*Exercise instructions*
From the line with "this 1931×1932 image." to the final line, print the records exactly as they are.

-- Data under study follows --

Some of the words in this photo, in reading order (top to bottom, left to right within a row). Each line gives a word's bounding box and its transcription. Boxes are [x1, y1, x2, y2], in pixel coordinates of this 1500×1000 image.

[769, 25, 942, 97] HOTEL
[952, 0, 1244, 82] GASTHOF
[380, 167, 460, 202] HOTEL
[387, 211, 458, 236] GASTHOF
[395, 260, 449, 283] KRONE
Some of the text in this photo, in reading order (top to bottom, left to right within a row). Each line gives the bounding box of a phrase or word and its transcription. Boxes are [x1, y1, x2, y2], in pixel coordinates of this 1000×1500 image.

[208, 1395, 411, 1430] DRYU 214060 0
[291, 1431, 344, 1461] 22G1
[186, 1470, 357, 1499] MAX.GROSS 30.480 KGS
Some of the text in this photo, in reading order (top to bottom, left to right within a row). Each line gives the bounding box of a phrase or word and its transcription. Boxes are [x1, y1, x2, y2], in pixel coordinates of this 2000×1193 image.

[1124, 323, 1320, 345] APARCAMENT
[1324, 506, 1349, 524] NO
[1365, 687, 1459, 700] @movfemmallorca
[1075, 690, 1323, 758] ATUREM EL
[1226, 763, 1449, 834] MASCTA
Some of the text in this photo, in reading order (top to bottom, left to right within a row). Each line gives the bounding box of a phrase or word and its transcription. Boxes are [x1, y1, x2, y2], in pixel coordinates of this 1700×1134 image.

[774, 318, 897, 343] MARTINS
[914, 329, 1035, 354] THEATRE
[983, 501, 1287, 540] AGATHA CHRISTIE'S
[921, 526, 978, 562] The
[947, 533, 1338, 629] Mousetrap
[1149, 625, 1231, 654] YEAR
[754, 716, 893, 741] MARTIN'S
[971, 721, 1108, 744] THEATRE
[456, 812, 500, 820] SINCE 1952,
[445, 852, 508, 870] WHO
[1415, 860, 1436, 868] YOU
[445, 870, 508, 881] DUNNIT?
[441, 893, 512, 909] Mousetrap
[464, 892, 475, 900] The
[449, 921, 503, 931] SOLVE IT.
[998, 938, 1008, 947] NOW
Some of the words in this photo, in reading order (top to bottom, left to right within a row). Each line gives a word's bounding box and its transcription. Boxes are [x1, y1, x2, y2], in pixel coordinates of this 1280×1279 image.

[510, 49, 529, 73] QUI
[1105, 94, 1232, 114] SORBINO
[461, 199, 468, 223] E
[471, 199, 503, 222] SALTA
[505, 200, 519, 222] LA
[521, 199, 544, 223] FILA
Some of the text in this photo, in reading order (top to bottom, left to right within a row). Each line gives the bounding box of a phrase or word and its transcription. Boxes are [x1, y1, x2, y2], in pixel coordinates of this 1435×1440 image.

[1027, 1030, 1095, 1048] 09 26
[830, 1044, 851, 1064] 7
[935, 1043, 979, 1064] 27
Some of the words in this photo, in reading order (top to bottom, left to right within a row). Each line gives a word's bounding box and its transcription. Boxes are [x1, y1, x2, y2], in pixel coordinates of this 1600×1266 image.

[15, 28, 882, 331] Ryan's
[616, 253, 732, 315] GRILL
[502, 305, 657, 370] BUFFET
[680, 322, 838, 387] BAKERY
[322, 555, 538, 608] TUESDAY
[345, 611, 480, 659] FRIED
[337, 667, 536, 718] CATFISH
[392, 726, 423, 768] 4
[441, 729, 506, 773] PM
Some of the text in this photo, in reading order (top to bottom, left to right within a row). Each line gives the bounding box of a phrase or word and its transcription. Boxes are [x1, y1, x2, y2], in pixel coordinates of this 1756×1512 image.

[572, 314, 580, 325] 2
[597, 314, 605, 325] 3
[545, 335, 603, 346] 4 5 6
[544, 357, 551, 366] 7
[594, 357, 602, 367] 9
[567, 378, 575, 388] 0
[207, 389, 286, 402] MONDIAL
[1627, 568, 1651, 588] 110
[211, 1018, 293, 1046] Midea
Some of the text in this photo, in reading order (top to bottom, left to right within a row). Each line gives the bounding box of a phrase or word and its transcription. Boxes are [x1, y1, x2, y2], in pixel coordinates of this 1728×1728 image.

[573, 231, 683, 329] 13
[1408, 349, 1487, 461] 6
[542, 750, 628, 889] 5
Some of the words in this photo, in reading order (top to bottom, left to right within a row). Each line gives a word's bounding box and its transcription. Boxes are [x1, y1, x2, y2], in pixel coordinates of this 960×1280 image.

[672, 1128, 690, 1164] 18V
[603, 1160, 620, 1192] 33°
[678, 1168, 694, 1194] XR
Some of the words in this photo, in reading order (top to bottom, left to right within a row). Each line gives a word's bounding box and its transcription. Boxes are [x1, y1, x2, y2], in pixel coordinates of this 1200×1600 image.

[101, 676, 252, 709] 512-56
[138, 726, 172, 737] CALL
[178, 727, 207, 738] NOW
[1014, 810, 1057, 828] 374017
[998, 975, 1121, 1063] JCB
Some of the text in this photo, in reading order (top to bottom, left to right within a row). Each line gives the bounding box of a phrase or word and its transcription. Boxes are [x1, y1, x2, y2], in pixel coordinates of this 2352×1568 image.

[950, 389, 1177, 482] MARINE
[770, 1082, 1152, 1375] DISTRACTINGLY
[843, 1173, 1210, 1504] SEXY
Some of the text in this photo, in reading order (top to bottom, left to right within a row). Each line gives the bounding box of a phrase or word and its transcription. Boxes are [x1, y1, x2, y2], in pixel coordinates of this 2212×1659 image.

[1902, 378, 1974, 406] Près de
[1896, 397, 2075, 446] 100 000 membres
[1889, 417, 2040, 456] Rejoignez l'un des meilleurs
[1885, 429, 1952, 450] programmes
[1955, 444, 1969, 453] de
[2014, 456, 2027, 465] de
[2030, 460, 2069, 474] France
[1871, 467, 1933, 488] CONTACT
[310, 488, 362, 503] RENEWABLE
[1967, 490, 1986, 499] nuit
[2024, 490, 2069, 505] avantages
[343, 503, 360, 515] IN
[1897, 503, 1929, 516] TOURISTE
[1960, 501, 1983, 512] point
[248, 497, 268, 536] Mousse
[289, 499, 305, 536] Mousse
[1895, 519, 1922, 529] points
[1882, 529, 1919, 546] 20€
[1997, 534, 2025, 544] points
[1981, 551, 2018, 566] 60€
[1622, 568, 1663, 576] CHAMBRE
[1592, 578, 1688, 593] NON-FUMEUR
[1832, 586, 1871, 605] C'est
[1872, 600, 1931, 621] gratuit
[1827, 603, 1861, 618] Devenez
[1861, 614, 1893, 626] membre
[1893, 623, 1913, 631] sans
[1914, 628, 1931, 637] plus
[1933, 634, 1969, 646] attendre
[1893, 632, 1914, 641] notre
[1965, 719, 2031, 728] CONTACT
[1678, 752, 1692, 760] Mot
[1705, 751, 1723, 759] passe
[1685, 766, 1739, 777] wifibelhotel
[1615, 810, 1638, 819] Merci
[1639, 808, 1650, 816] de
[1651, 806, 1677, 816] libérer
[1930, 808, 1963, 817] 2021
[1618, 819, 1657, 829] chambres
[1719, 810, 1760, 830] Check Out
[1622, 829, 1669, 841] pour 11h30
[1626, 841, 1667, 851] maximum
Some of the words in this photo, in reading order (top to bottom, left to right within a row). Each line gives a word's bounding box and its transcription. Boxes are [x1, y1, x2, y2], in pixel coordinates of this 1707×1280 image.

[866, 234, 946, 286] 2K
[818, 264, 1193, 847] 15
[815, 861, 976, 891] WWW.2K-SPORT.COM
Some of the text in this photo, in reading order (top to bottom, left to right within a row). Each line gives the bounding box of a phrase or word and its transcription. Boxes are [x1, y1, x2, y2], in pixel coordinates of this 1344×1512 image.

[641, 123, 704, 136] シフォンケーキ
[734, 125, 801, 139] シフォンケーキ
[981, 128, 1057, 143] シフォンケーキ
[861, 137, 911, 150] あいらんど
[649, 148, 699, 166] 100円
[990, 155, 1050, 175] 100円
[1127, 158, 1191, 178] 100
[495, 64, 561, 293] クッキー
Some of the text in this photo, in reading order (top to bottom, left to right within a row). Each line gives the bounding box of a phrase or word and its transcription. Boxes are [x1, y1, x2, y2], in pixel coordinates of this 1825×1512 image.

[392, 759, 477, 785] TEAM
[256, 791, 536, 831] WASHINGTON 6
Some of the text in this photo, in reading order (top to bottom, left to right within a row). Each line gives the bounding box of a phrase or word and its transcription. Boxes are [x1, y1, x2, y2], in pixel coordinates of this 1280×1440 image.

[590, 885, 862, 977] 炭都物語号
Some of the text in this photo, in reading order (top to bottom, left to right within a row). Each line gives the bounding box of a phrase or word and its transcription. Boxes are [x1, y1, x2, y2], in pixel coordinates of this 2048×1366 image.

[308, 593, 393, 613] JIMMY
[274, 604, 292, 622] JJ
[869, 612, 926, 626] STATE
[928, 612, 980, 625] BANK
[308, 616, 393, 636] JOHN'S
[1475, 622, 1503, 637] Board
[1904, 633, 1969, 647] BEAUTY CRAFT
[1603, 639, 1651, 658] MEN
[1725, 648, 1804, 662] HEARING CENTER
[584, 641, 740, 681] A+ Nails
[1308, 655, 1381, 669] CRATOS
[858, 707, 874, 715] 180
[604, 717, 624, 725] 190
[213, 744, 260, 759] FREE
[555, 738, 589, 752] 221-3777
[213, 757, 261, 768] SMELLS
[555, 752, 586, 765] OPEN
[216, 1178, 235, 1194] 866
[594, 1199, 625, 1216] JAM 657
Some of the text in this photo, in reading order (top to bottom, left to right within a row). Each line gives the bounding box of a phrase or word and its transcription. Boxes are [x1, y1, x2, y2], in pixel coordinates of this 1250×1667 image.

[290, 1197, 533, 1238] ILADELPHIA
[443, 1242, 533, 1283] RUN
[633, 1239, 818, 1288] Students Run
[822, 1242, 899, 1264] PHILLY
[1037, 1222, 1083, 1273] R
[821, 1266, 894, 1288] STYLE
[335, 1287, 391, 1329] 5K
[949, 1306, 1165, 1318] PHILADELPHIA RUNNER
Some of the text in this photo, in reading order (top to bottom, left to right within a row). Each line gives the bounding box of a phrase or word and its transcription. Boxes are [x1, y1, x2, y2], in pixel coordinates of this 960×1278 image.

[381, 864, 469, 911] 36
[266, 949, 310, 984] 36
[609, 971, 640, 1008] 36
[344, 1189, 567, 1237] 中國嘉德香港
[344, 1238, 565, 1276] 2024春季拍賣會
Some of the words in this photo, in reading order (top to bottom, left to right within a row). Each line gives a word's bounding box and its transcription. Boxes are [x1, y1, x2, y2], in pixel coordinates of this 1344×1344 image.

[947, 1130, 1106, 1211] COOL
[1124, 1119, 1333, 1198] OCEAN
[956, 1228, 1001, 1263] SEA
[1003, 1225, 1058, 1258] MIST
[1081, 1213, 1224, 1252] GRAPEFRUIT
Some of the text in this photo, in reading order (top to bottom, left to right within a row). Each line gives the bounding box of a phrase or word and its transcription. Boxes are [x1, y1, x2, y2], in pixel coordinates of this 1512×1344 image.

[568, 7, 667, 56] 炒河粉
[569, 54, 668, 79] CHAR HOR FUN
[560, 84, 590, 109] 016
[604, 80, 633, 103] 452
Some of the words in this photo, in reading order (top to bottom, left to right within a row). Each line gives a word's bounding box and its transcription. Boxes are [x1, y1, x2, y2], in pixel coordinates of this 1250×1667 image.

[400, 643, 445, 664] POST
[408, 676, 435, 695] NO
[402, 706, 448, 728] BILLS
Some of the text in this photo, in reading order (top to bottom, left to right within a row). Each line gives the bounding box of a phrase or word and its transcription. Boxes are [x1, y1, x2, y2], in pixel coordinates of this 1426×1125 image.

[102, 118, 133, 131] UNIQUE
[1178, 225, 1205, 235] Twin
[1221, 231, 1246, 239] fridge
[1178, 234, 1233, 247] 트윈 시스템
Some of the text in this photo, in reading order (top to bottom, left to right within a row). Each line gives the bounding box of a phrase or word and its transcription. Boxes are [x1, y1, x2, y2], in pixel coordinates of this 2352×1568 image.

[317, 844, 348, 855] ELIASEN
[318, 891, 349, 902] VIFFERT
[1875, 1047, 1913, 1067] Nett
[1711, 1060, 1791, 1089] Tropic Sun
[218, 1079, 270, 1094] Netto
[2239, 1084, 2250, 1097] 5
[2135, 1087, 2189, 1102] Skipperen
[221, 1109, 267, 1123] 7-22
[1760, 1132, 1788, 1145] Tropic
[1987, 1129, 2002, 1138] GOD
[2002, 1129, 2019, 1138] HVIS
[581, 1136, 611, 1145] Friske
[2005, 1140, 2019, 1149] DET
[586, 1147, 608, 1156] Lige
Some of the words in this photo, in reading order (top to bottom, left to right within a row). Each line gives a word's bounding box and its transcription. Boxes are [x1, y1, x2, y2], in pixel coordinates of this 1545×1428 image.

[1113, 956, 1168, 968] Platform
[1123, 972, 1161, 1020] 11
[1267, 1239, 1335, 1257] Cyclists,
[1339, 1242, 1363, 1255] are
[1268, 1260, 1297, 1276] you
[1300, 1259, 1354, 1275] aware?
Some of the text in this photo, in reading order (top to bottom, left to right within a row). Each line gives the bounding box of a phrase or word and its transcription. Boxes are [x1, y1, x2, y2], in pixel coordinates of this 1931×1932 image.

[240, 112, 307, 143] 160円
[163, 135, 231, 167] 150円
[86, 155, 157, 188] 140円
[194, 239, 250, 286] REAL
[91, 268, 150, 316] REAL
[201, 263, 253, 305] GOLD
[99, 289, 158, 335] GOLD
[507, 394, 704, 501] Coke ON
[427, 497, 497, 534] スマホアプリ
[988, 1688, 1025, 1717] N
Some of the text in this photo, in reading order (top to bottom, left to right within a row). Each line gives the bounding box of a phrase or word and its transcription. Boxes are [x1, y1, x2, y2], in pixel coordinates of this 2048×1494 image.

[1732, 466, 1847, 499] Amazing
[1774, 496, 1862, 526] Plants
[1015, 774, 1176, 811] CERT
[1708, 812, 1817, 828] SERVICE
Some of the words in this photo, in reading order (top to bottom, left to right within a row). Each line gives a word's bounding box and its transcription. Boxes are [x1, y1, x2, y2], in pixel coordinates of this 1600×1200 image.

-- Data under study concluded --

*Solution for this exercise*
Some of the text in this photo, in reading order (top to bottom, left to right within a row). Each line gives the bounding box of a phrase or word and its transcription. Boxes are [x1, y1, x2, y2], in pixel coordinates of this 1931×1932 image.

[240, 112, 307, 143] 160円
[163, 135, 231, 167] 150円
[86, 155, 157, 188] 140円
[194, 239, 250, 286] REAL
[91, 268, 150, 316] REAL
[201, 263, 253, 305] GOLD
[99, 289, 158, 335] GOLD
[507, 394, 704, 501] Coke ON
[427, 497, 497, 534] スマホアプリ
[988, 1688, 1025, 1717] N
Some of the text in this photo, in reading order (top to bottom, left to right within a row). Each line gives the bounding box of a phrase or word and its transcription. Boxes are [x1, y1, x2, y2], in pixel coordinates of this 2048×1494 image.

[1732, 466, 1847, 499] Amazing
[1774, 496, 1862, 526] Plants
[1015, 774, 1176, 811] CERT
[1708, 812, 1817, 828] SERVICE
Some of the words in this photo, in reading order (top to bottom, left to right within a row). Each line gives a word's bounding box and its transcription. Boxes are [x1, y1, x2, y2], in pixel coordinates of this 1600×1200 image.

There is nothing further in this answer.